| Records for processing |
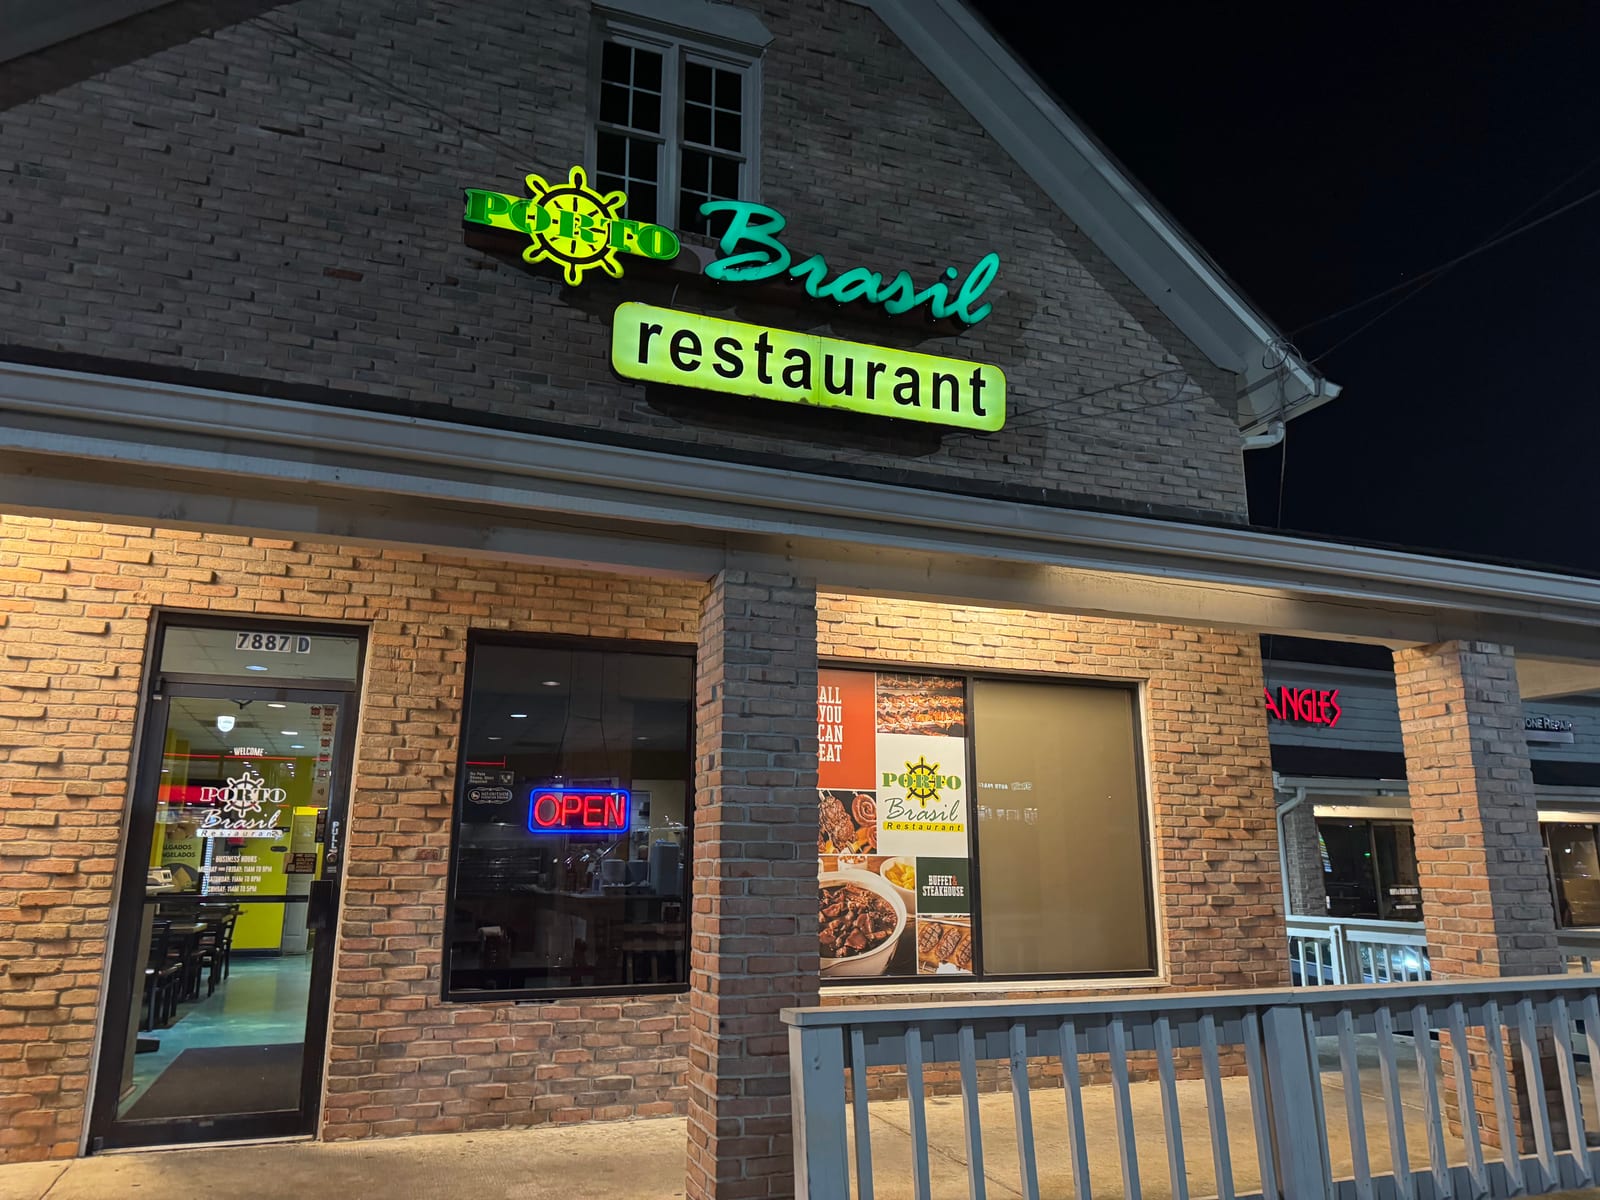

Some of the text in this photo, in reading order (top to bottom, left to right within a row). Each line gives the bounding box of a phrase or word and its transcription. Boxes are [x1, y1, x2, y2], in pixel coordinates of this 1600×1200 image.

[463, 189, 1000, 324] PORTO Brasil
[637, 321, 987, 417] restaurant
[237, 633, 310, 652] 7887 D
[819, 685, 842, 704] ALL
[819, 704, 842, 723] YOU
[817, 723, 844, 743] CAN
[233, 746, 265, 757] WELCOME
[818, 743, 843, 762] EAT
[881, 772, 962, 790] PORTO
[199, 786, 287, 803] PORTO
[201, 808, 282, 829] Brasil
[534, 794, 626, 827] OPEN
[884, 797, 961, 822] Brasil
[331, 821, 340, 849] PULL
[886, 821, 962, 833] Restaurant
[922, 886, 965, 897] STEAKHOUSE
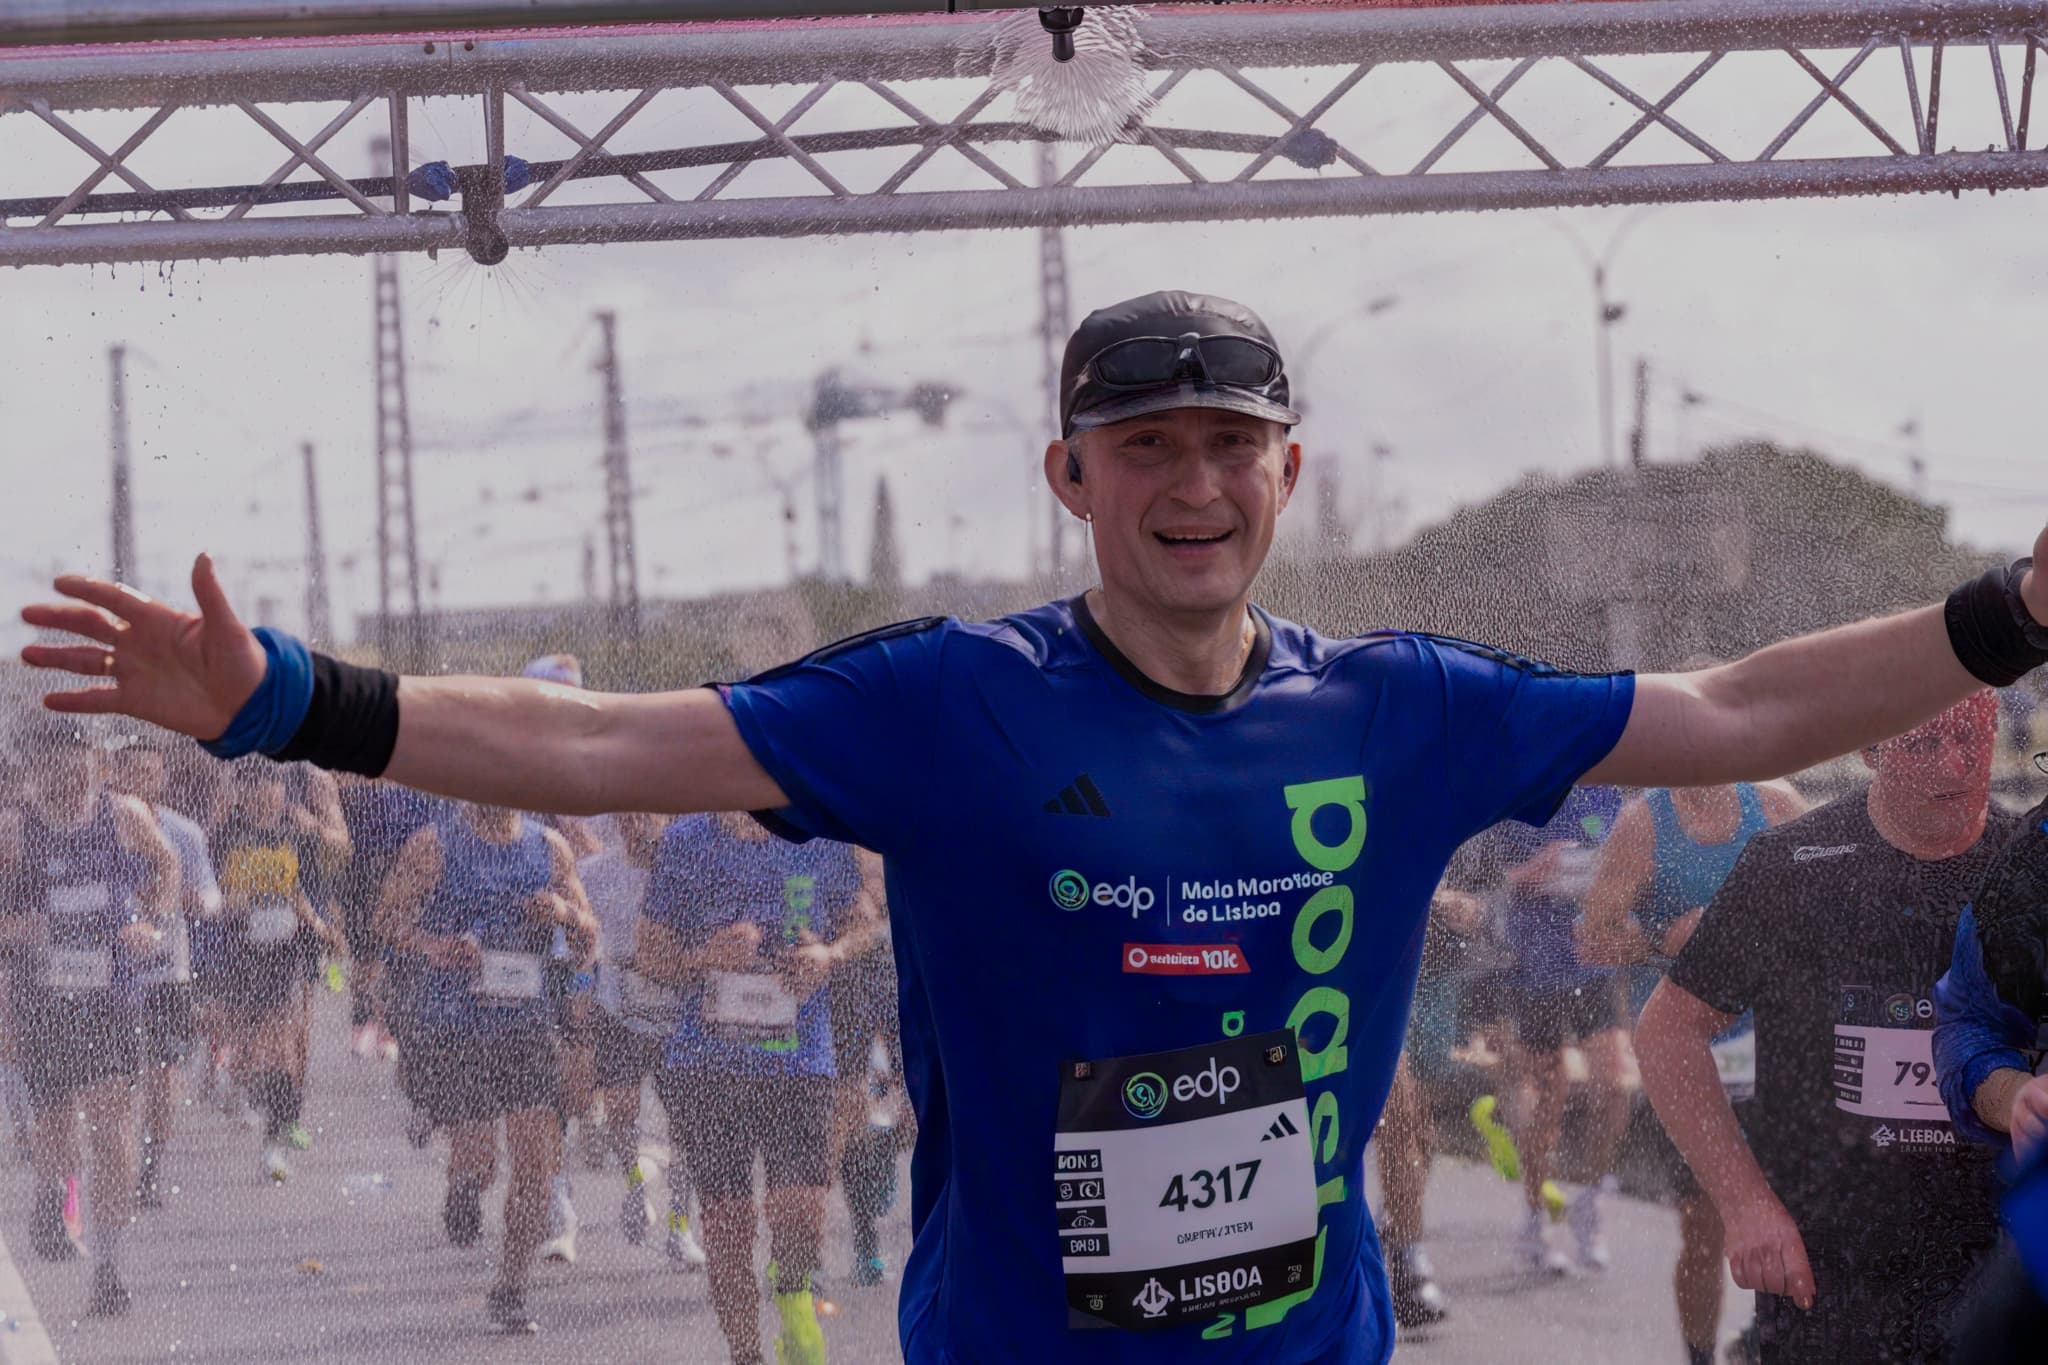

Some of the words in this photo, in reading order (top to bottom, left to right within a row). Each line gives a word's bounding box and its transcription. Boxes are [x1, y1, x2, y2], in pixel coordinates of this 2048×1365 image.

[1092, 876, 1155, 919] edp
[1172, 1056, 1241, 1104] edp
[1893, 1060, 1938, 1087] 79
[1159, 1159, 1263, 1212] 4317
[1179, 1265, 1263, 1301] LISBOA

| What the exercise asks |
Keep each line of the records exactly as it is while transcribing them, but leave the images behind.

| Result |
Some of the text in this photo, in reading order (top to bottom, left to right within a row). Each line gives the bounding box of a phrase or word and its transcription. Boxes are [x1, y1, x2, y2], in pixel coordinates of this 1600×1200 image.

[463, 189, 1000, 324] PORTO Brasil
[637, 321, 987, 417] restaurant
[237, 633, 310, 652] 7887 D
[819, 685, 842, 704] ALL
[819, 704, 842, 723] YOU
[817, 723, 844, 743] CAN
[233, 746, 265, 757] WELCOME
[818, 743, 843, 762] EAT
[881, 772, 962, 790] PORTO
[199, 786, 287, 803] PORTO
[201, 808, 282, 829] Brasil
[534, 794, 626, 827] OPEN
[884, 797, 961, 822] Brasil
[331, 821, 340, 849] PULL
[886, 821, 962, 833] Restaurant
[922, 886, 965, 897] STEAKHOUSE

Some of the words in this photo, in reading order (top to bottom, left to right within a row). Each line gives a word's bounding box and its transcription. Boxes are [x1, y1, x2, y2], in pixel coordinates of this 2048×1365 image.

[1092, 876, 1155, 919] edp
[1172, 1056, 1241, 1104] edp
[1893, 1060, 1938, 1087] 79
[1159, 1159, 1263, 1212] 4317
[1179, 1265, 1263, 1301] LISBOA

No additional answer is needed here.